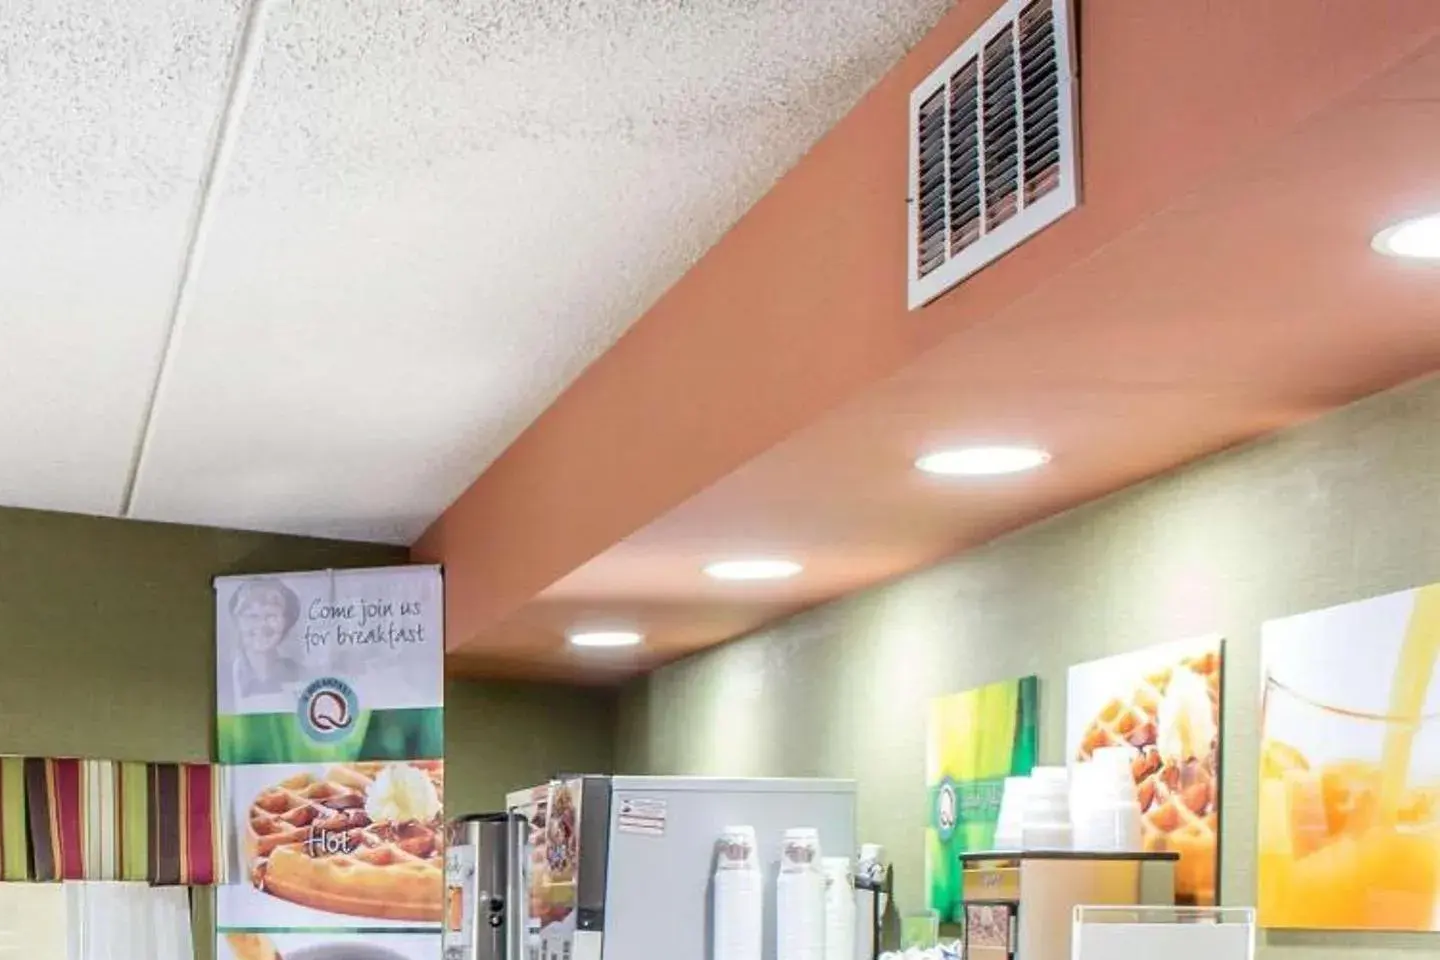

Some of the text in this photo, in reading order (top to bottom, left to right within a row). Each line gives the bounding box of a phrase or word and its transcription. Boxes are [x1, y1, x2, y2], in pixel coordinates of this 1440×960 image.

[308, 598, 421, 626] Come join us
[304, 624, 425, 653] for breakfast
[310, 690, 352, 729] Q
[304, 829, 351, 858] Hot
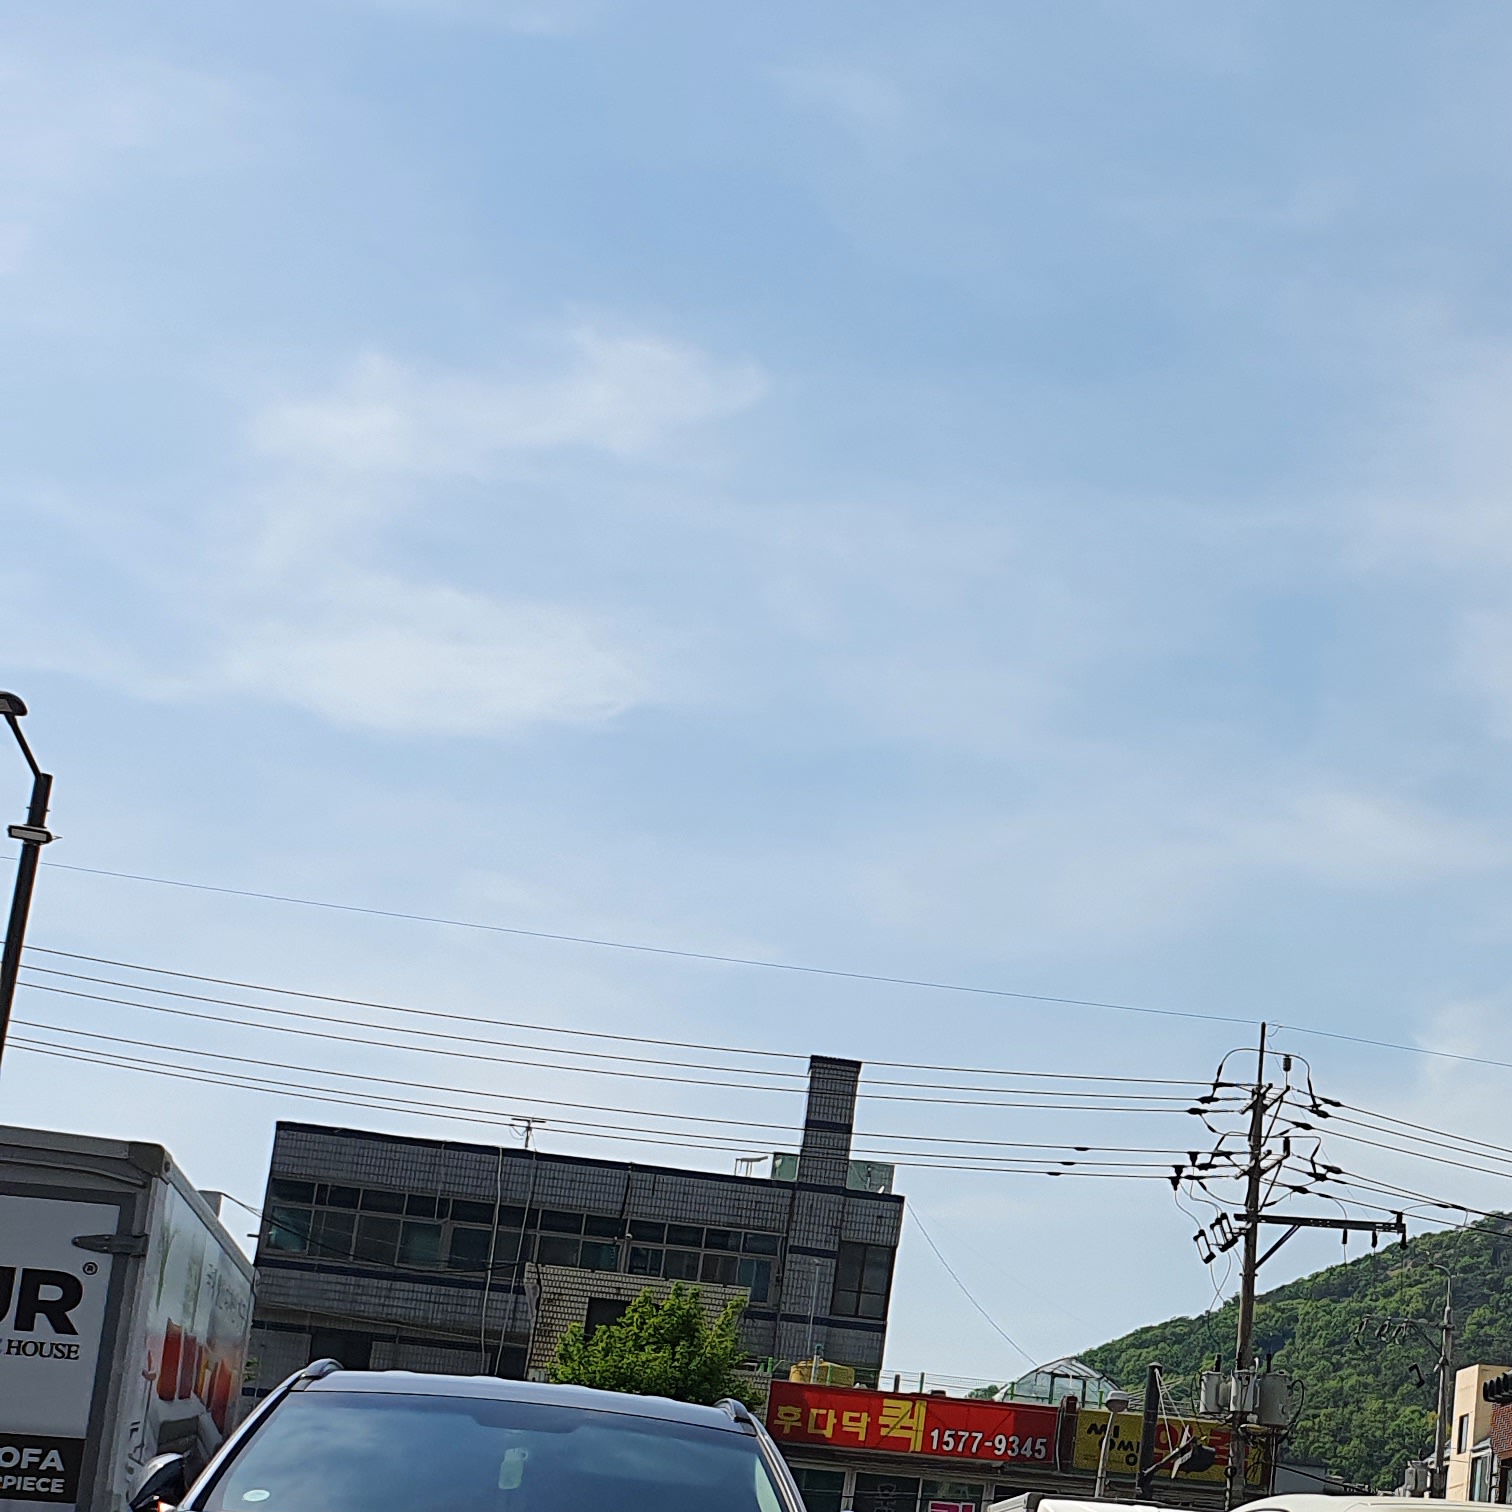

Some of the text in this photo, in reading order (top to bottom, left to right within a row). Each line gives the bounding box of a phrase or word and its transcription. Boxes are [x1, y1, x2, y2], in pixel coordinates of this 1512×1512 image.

[5, 1338, 80, 1360] HOUSE
[930, 1427, 1047, 1459] 1577-9345
[0, 1475, 65, 1493] PIECE
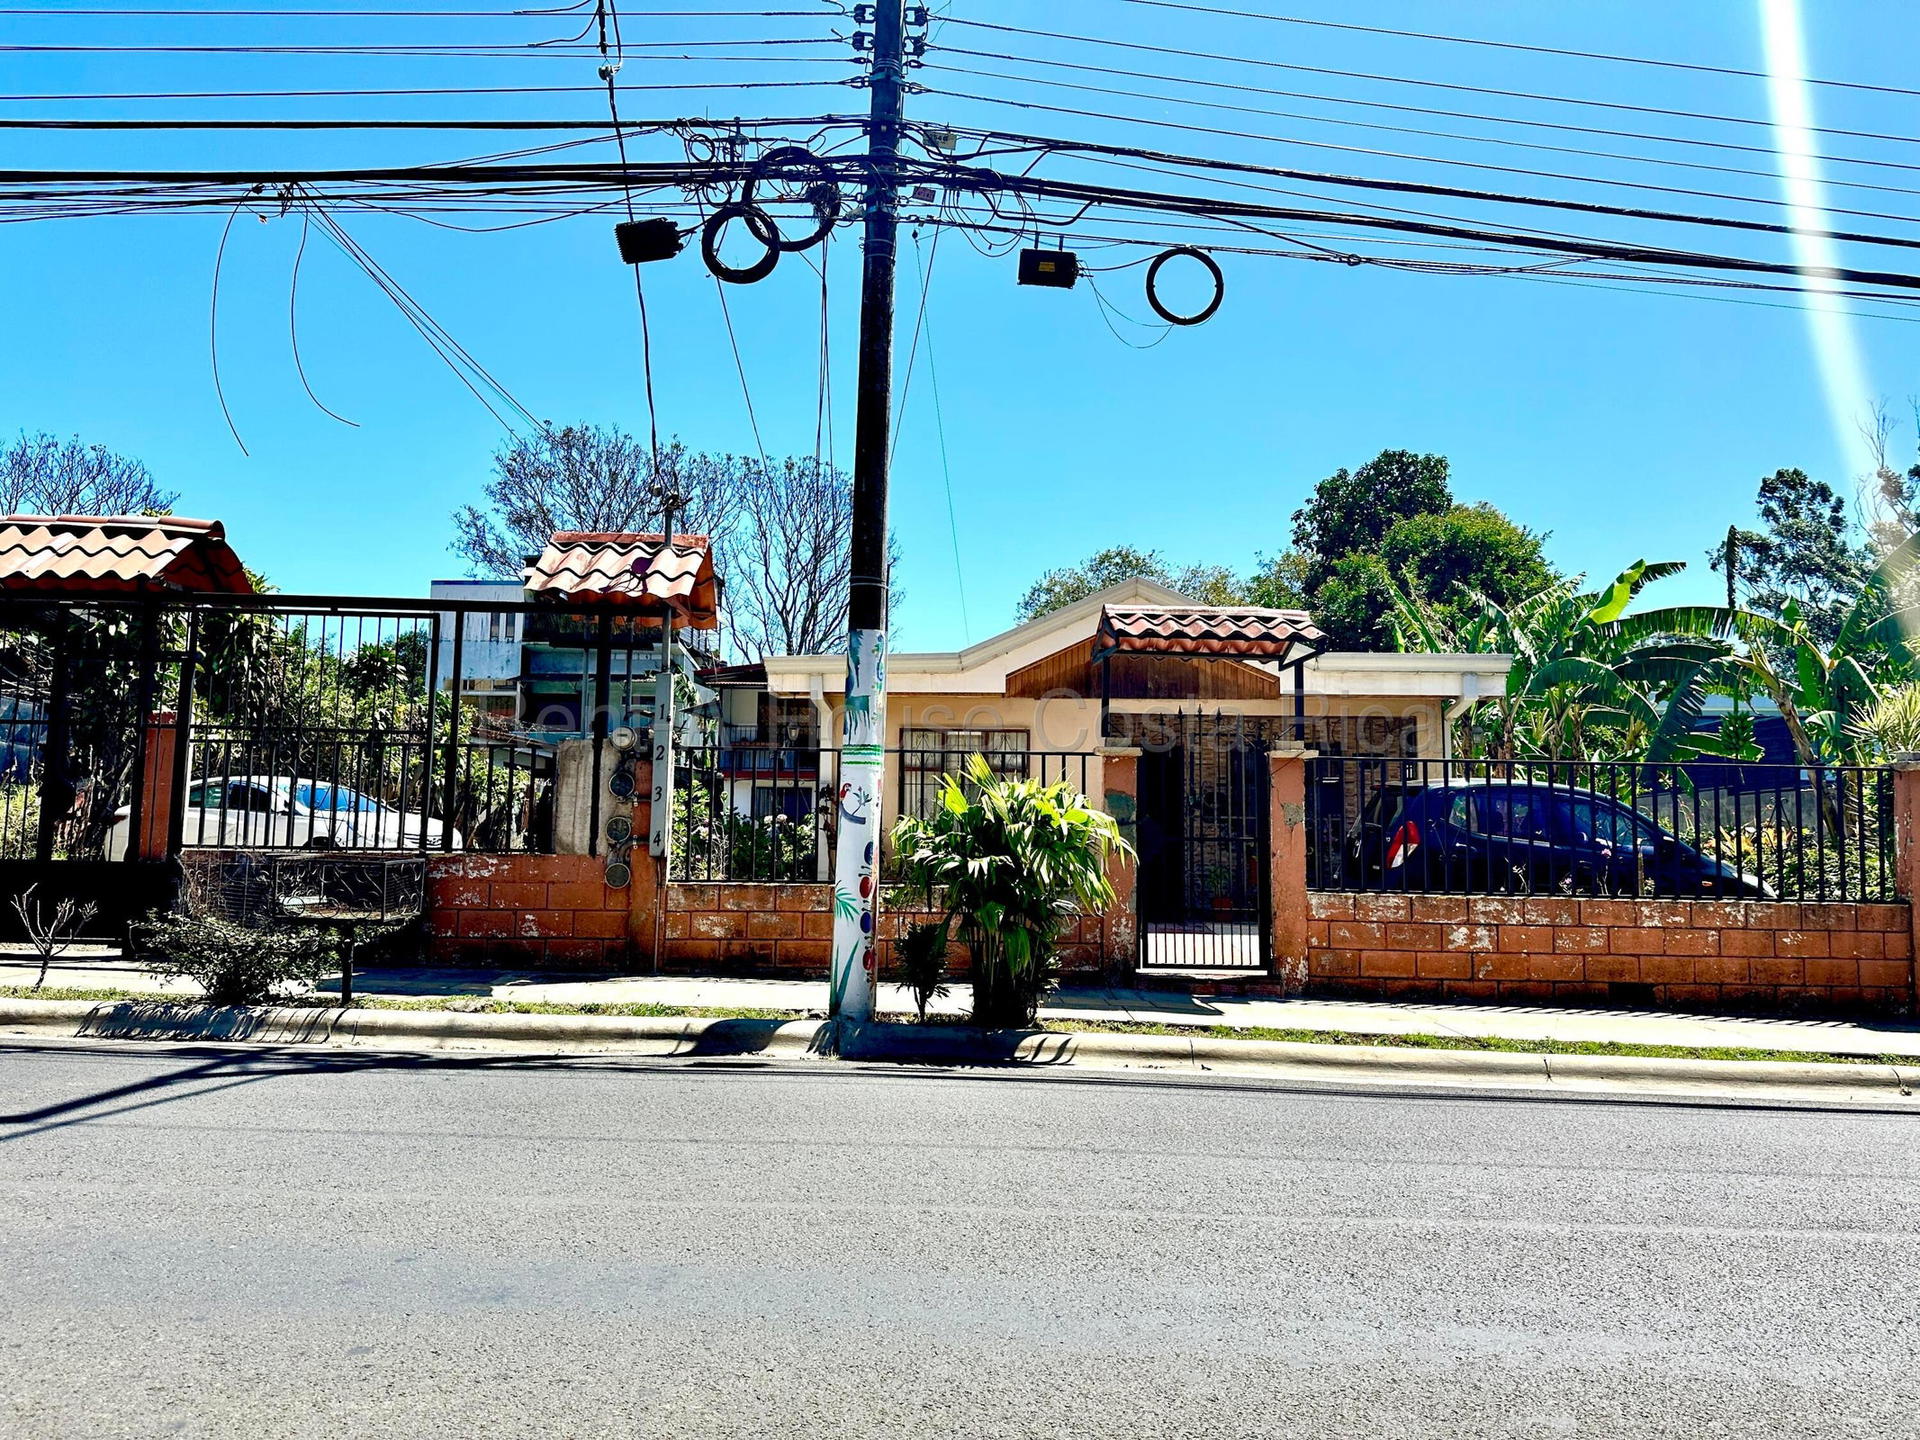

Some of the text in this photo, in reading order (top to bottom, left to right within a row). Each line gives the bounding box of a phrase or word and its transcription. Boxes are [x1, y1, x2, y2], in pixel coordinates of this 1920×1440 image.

ABOUT THIS EXERCISE
Every record is to be reproduced exactly, with no pictures included.

EXERCISE RESULT
Some of the text in this photo, in reading order (top to bottom, left to right within a row). Each line gives the bounding box of a phrase or word and its transcription. Boxes are [x1, y1, x2, y2], in pixel coordinates of this 1440×960 image.

[308, 598, 421, 626] Come join us
[304, 624, 425, 653] for breakfast
[310, 690, 352, 729] Q
[304, 829, 351, 858] Hot

Some of the text in this photo, in reading order (top to bottom, left to right within a row). Each line gives the bounding box of a phrase or word and its transcription. Boxes are [x1, y1, x2, y2], in pixel coordinates of this 1512×1512 image.

[5, 1338, 80, 1360] HOUSE
[930, 1427, 1047, 1459] 1577-9345
[0, 1475, 65, 1493] PIECE

Some of the text in this photo, in reading order (top to bottom, left to right within a row). Each line gives the bounding box of a phrase or word and its transcription. Boxes are [x1, y1, x2, y2], in pixel coordinates of this 1920×1440 image.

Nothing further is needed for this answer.